An den Vorsitzenden des Petitionsausschusses des Abgeordnetenhauses von Berlin Herrn Andreas Kugler 10111 Berlin-Mitte

Sehr geehrter Herr Kugler,

Hiermit möchten wir uns für Ihren ausführlichen Brief vom 13.9.2012 bedanken. Leider ist er inhaltlich nur bedingt zutreffend. Zum einen ist es so, dass die von Ihnen angeführte Bezahlung von 76,69 Euro je Semesterwochenstunde bedeutet, dass die Privatdozenten eine Pauschale von 150 Euro pro Jahr erhalten, was nicht einmal ausreicht, um die mit der Titellehre verbundenen Ausgaben zu decken. Das ist selbst für eine »Durchgangsstation«, die ja auch irgendwie finanziert sein will, doch eigentlich ein Hohn. Zudem suggeriert Ihre Formulierung »von derzeit 76,69 Euro« daß Ihnen unbekannt ist, daß diese Summe seit 1973 unverändert gilt, wie es auch aus der »Kleinen Anfrage« des Abgeordneten Dr. Michael Arndt (SPD) vom 24. Januar 2007 ersichtlich ist. Insofern kann von einer »erheblichen Erhöhung« nicht die Rede sein. Ist die Unterrichtsgeldpauschale dafür gedacht, Auslagen wie Büromaterial, Fahrtkosten, Computer etc. pp. zu ersetzen, so ist ohne großen Nachweis ersichtlich, daß die Preise hierfür in den letzten vierzig Jahren sind vervielfacht haben, so daß schon aus dem Grund eine Erhöhung zwingend notwendig ist.

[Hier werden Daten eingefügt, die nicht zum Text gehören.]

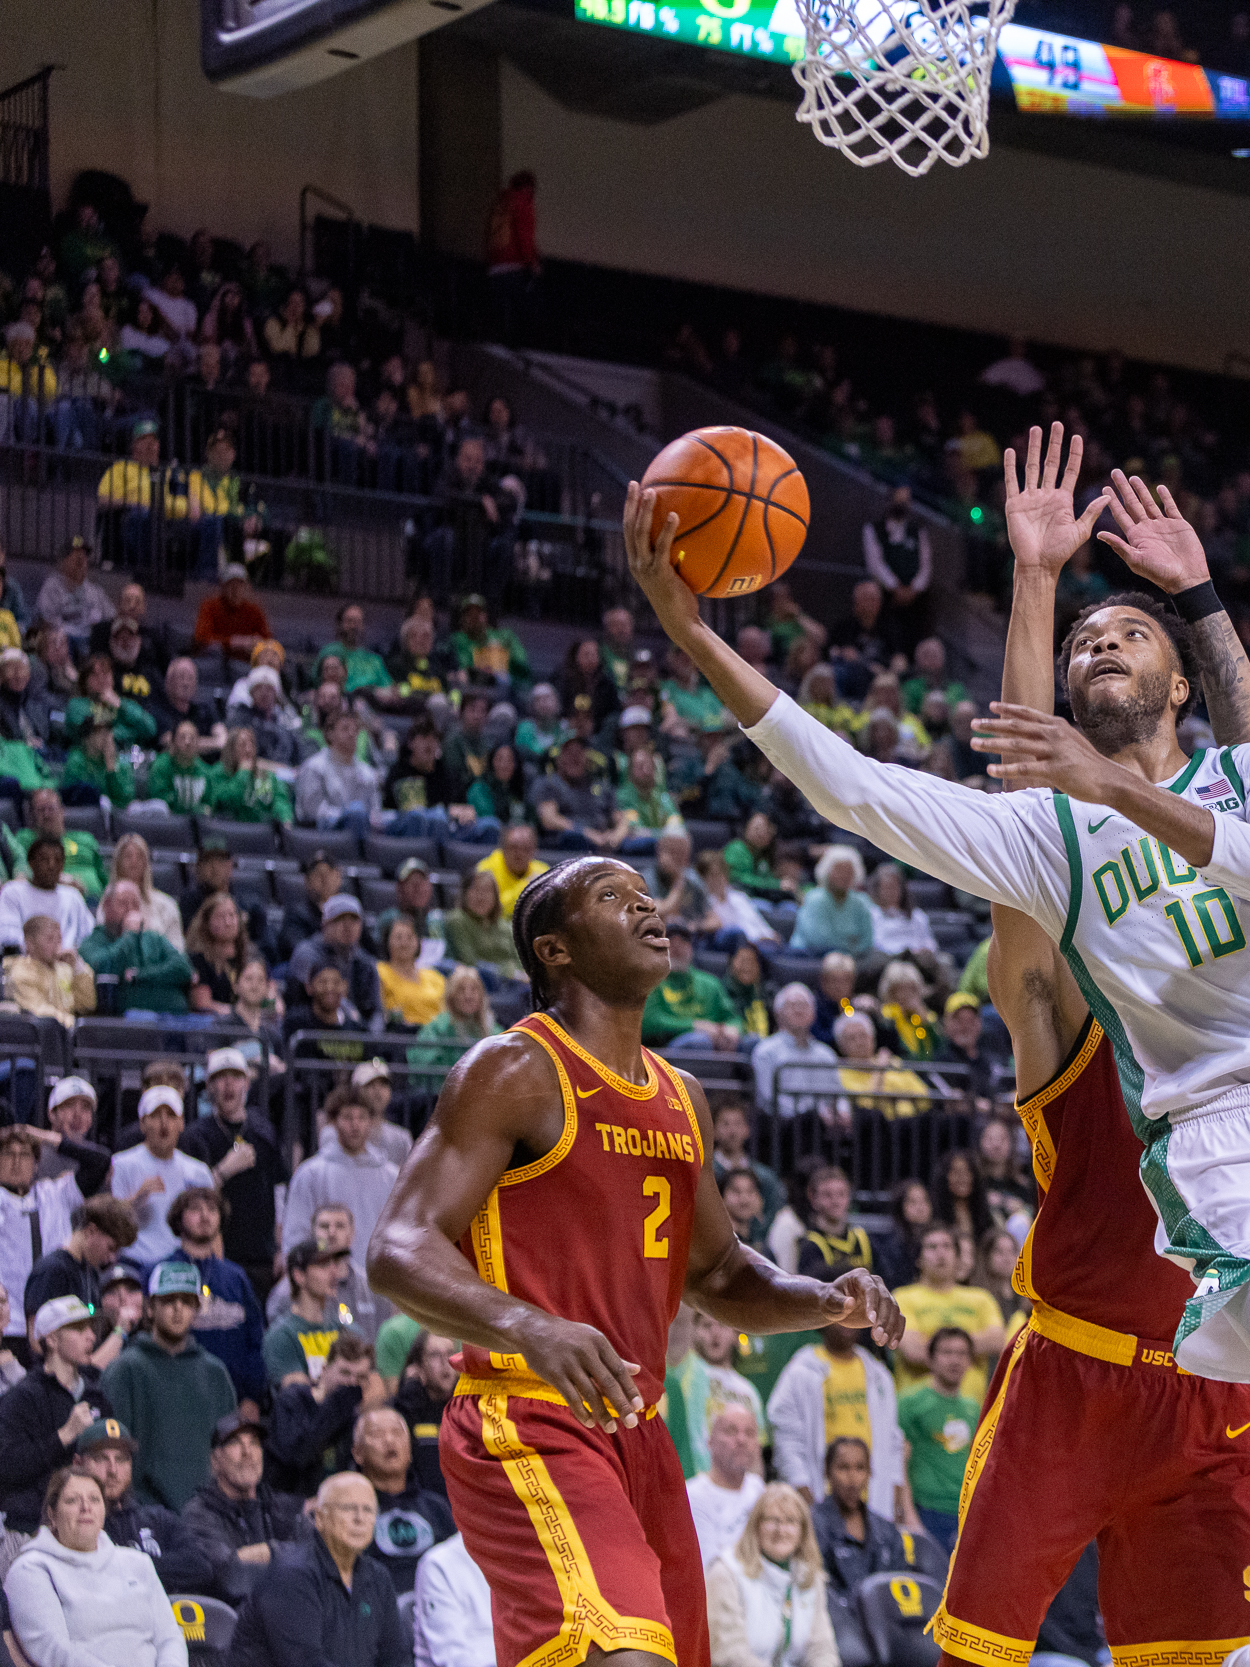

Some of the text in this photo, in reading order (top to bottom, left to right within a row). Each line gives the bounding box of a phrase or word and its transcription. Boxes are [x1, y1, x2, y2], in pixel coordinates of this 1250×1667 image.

Ihr Brief verdeckt unter Rekurs auf juristische Zusammenhänge, dass es ungerecht ist, die Privatdozenten zu verpflichten, letztlich unentgeltlich zu lehren. Man kann unmöglich die schlechte finanziellen Ausstattung der Universitäten allein den Privatdozenten aufbürden.

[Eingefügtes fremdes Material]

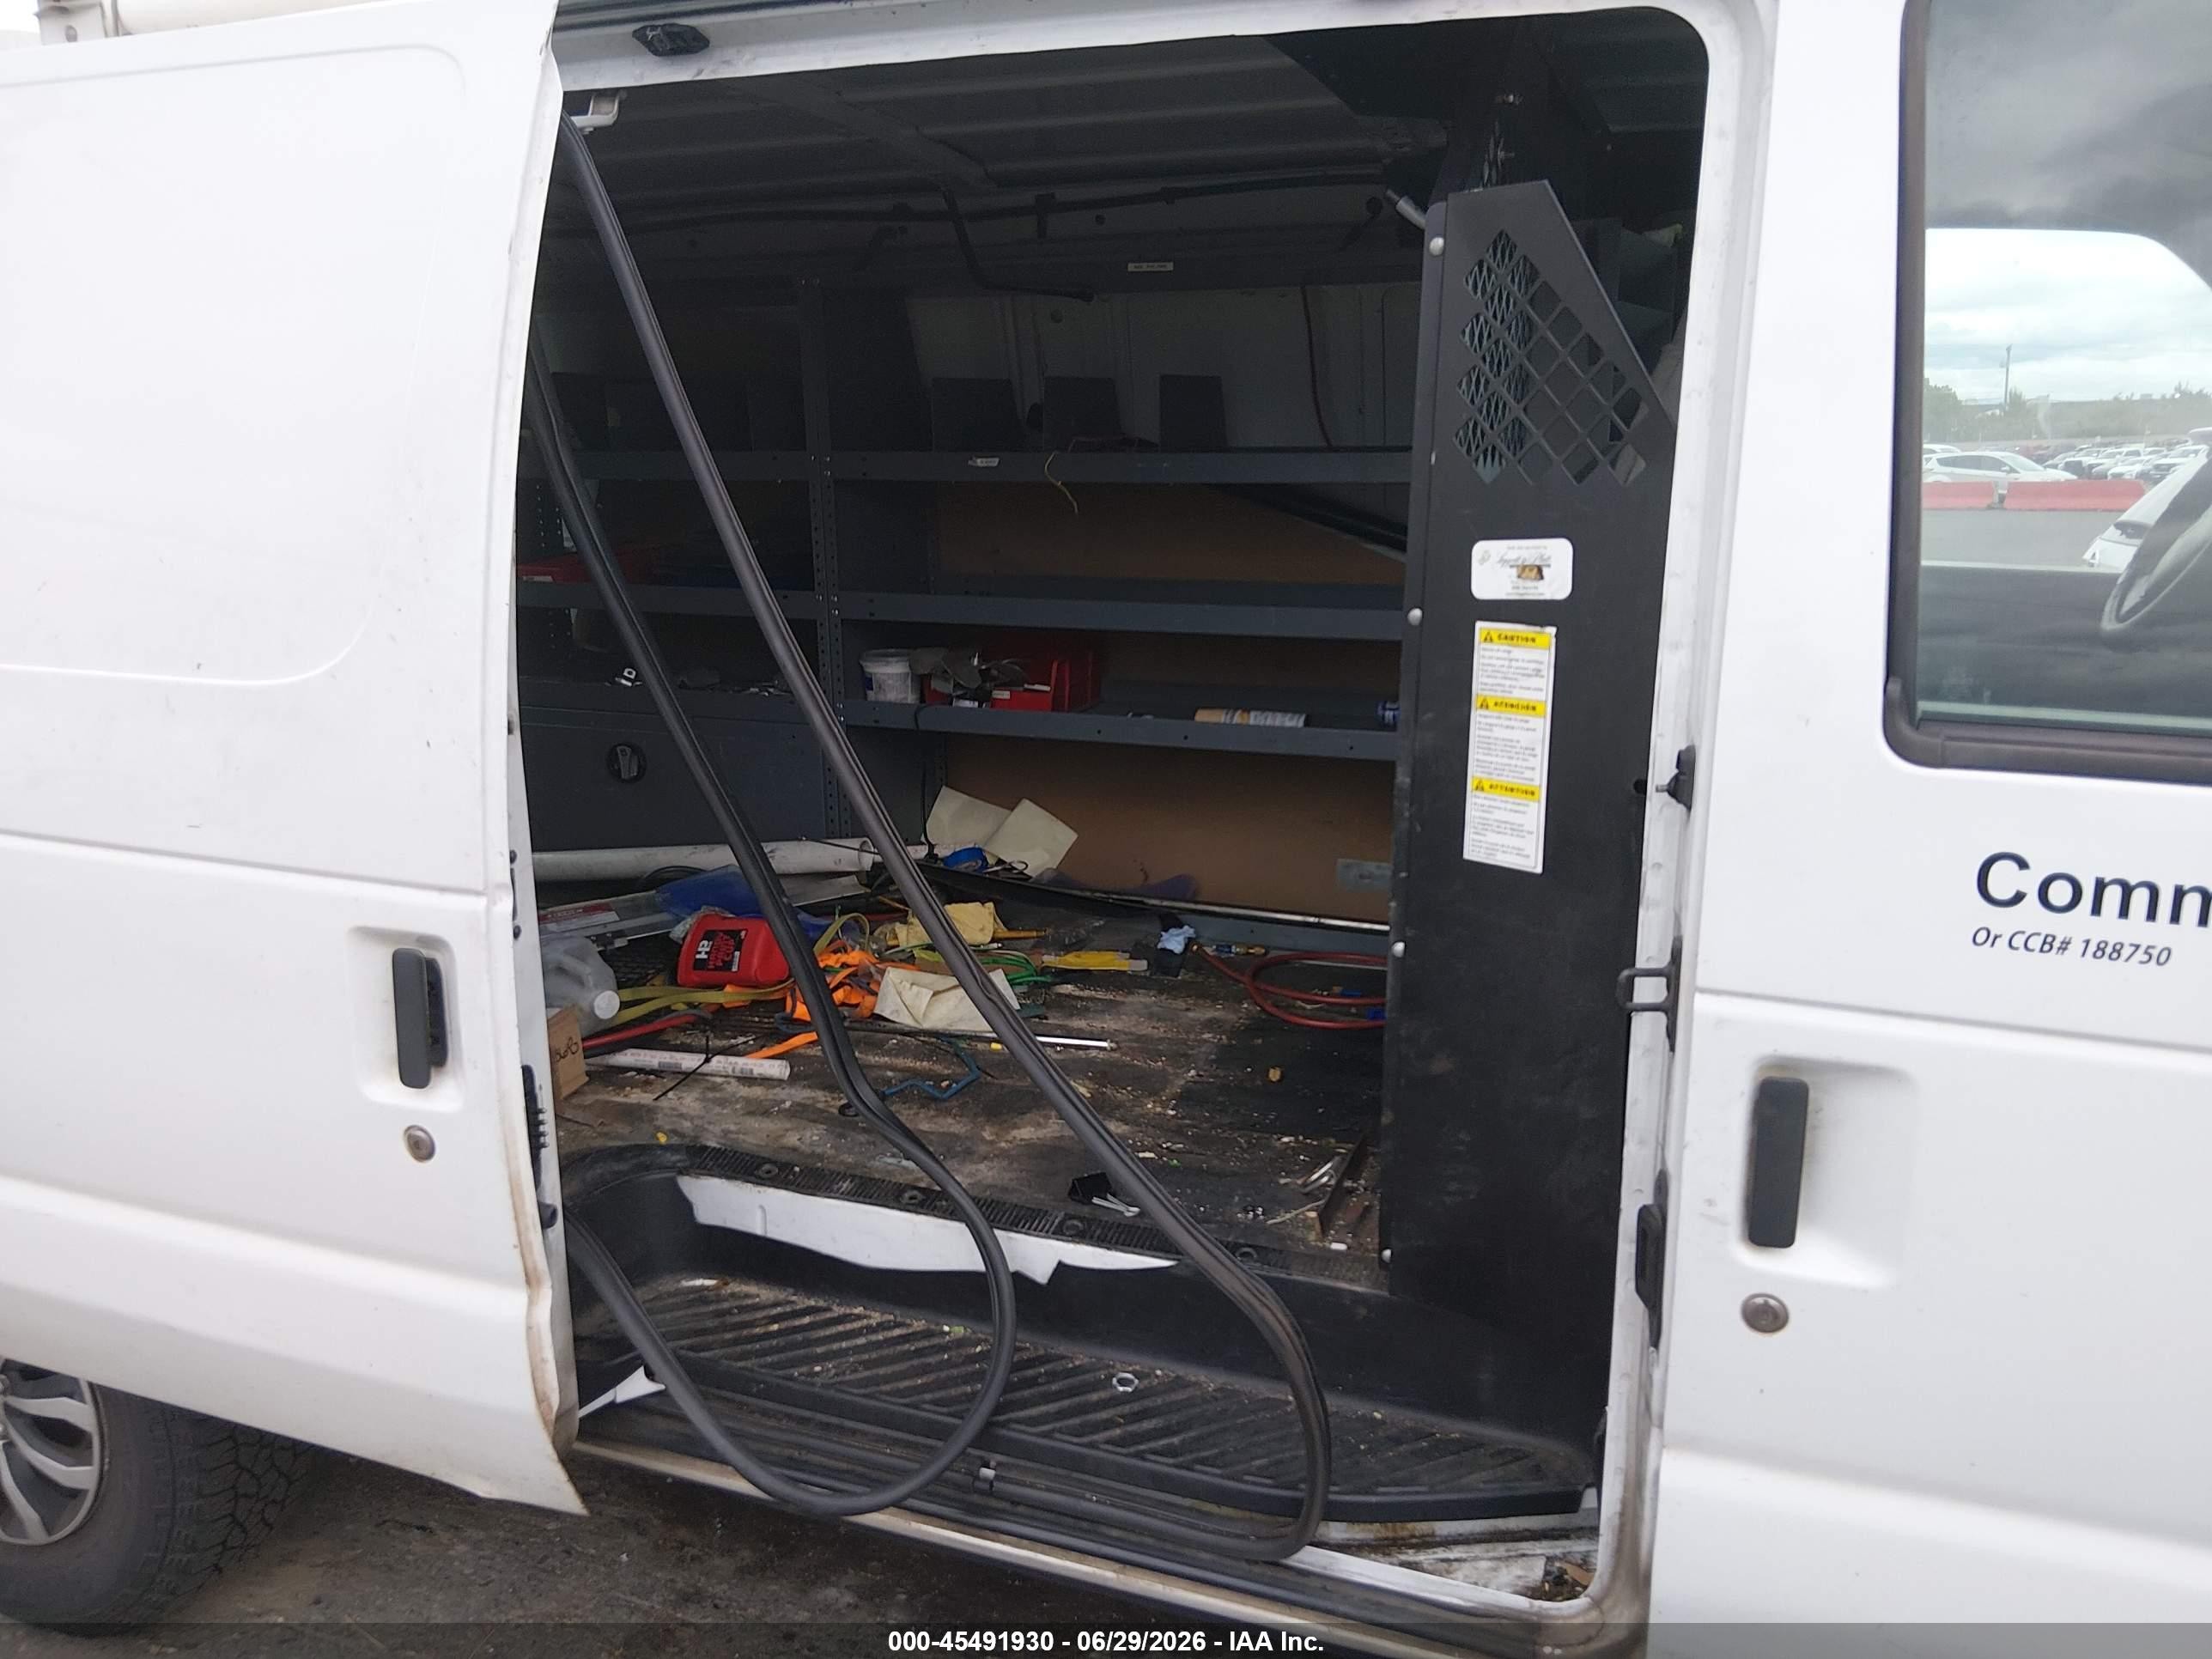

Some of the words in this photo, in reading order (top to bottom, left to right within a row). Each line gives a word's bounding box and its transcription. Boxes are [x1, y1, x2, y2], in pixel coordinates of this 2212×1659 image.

[1497, 632, 1536, 644] CAUTION
[1972, 926, 2003, 949] Or
[2008, 930, 2073, 956] CCB#
[2080, 938, 2172, 967] 188750

Es ist außerdem nicht zutreffend, daß die Universitäten keinen Einfluss auf die Zahl der Habilitierten hätten. In vielen Fachbereichen und Universitäten achtete man lange Zeit darauf, dass es nicht allzu viele Habilitationen gab. Die Universitäten und Fachbereiche hatten oder haben höchstens insofern keinen Einfluss darauf, wie viele sich habilitieren, da die Bundespolitik angesichts der bereits seit Mitte der 1980er Jahre zunehmenden Akademikerarbeitslosigkeit immer einmal wieder gewisse Gruppen von Betroffenen durch zusätzliche Habilitationsstipendien »still zu halten« suchte. In den 1990er Jahren wurden z.B. die Frauen unter den jüngeren Wissenschaftlern mit zusätzlichen Bundeshabilitations-Stipendien (»Möllemann II«) dazu angehalten, sich zu habilitieren. Man ging davon aus, daß angesichts der demnächst anstehenden Pensionierungswelle unter der in den 1970er Jahren neu angestellten Hochschullehrerschaft, endlich die Frauen zu ihrem Recht kommen könnten. Später versuchte man, »Ost-Wissenschaftlern« ähnlichen Trost zu kommen zu lassen. Insofern baden die Privatdozenten hier auch die Folgen einer falschen Politik aus.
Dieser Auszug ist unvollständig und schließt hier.